PREZZEMOLO, SALVIA, ROSMARINO E
TIMO
Capitolo 4
Bagoas aveva udito troppo.
Aspettò che Dario congedasse Bahram e
corse allarmato ad avvertire Alessandro, che del tutto ignaro lucidava il
pavimento della stanza del re.
«Iskander!»
arrivò nella stanza di Dario con una tale irruenza che quasi cadde tra
le braccia del suo padrone.
Alessandro si mantenne del tutto tranquillo.
«Calmati. Cos’è successo?»
Bagoas si fermò un istante per
riprendere fiato. «Dario ti vuole uccidere!»
«Uccidermi?» sgranò gli
occhi «Ma sei sicuro di quello che dici?»
«Certo, Iskander. Sono appena stato alla sala delle riunioni. Parlava con
lo schiavo che mi comprò al mercato tre settimane fa.»
Alessandro avvertì immediatamente che
qualcosa gli stava sfuggendo. «Mmm. Chissà perché, ma
immaginavo che non fosse stato Dario a comprarti.»
Bagoas roteò le pupille.
«Insomma, dicevi che quei due stavano
tramando alle mie spalle?»
«Dario ha esplicitamente ordinato al suo
schiavo di avvelenarti al più presto possibile.»

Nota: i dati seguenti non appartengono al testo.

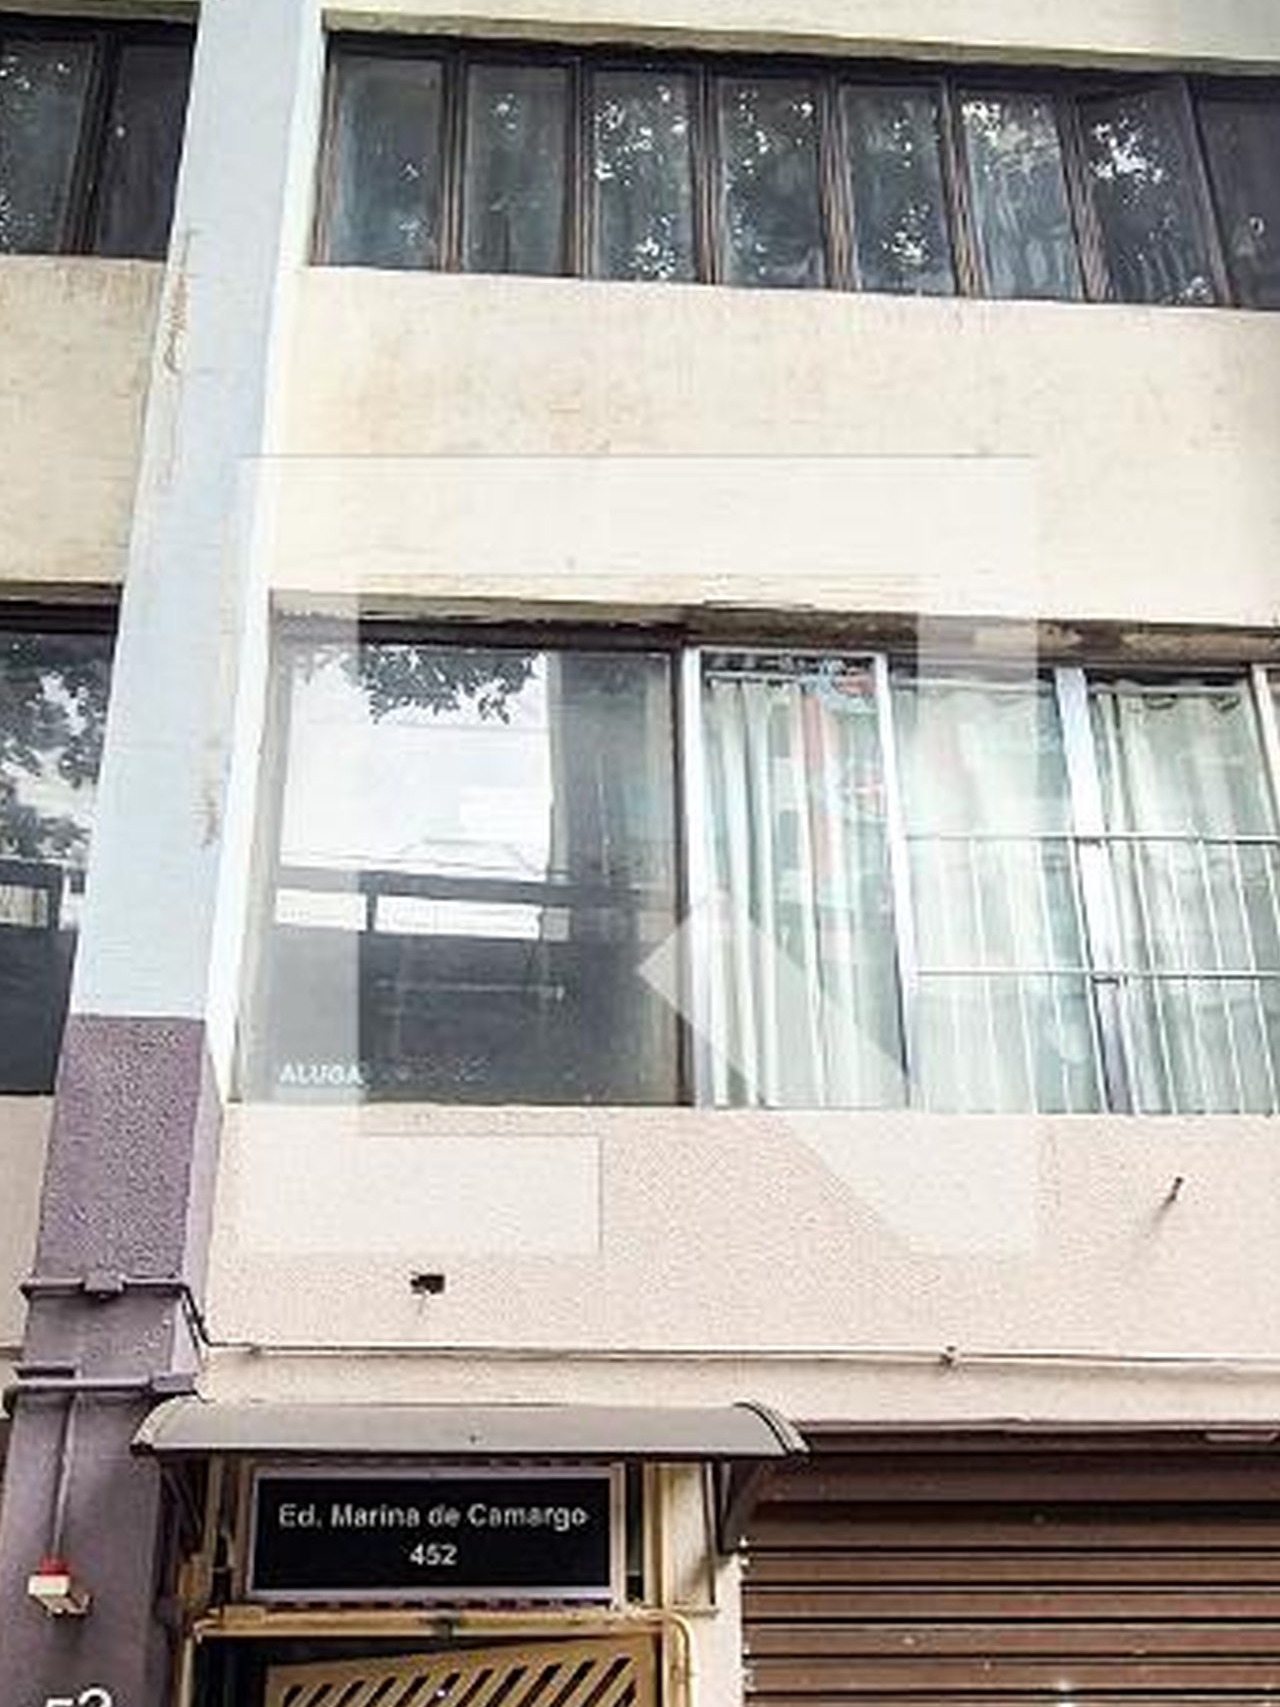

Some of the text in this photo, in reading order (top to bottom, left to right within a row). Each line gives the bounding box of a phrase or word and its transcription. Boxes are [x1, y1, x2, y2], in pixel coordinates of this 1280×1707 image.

Alessandro si grattò nervosamente la
nuca. «Senti, Bagoas, io non ho intenzione di stare ancora qui a subire
la pazzia di Dario. Tu che ne dici?»
«E cosa vorresti fare? Fuggire?»
Si strinse nelle spalle. «Non vedo
alternativa. Non so esattamente il perché, ma sento che in qualche modo
la mia presenza lo rende nervoso. Preferisco togliermi di mezzo da solo
piuttosto che aspettare che mi faccia la pelle.»
«E io verrò con te?»
Alessandro distolse lo sguardo dal suo giovane
schiavo. «Certo. Ma a dire la verità, credo che ci sarebbe un
problema… anche se ammetto che nel contesto potrebbe suonare piuttosto
frivolo.»
Bagoas cercò di scrutare nei suoi
occhi. «Quale?»
«Il soldato con
l’orecchino.» fece una breve pausa «Bagoas, io credo alle parole del tizio che me
l’ha venduto. Non voglio rinunciarci.». Aspettò la risposta
dell’eunuco, ma quella non arrivò. «E poi» riprese
quindi «qualcosa mi dice che sì, non devo perderlo di
vista.»
Bagoas sospirò. «Hai qualche
idea?»
«Per adesso dobbiamo pensare a fuggire.
Quando saremo al sicuro, faremo in modo che tu possa regolarmente comunicare
con il palazzo, per mantenere i contatti con i soldati macedoni. In fondo
è me Dario che vuole morto, non te.»
Bahram, tutto eccitato e solo nella sua umile stanzetta, riversava ogni
sorta di veleni incolori e insapori nella coppa di vino che avrebbe dovuto
portare ad Alessandro.
“Il mio re ha affidato proprio a me
questo compito gravoso,” pensava “questo significa che ripone in me
completa fiducia. Non devo assolutamente deluderlo!”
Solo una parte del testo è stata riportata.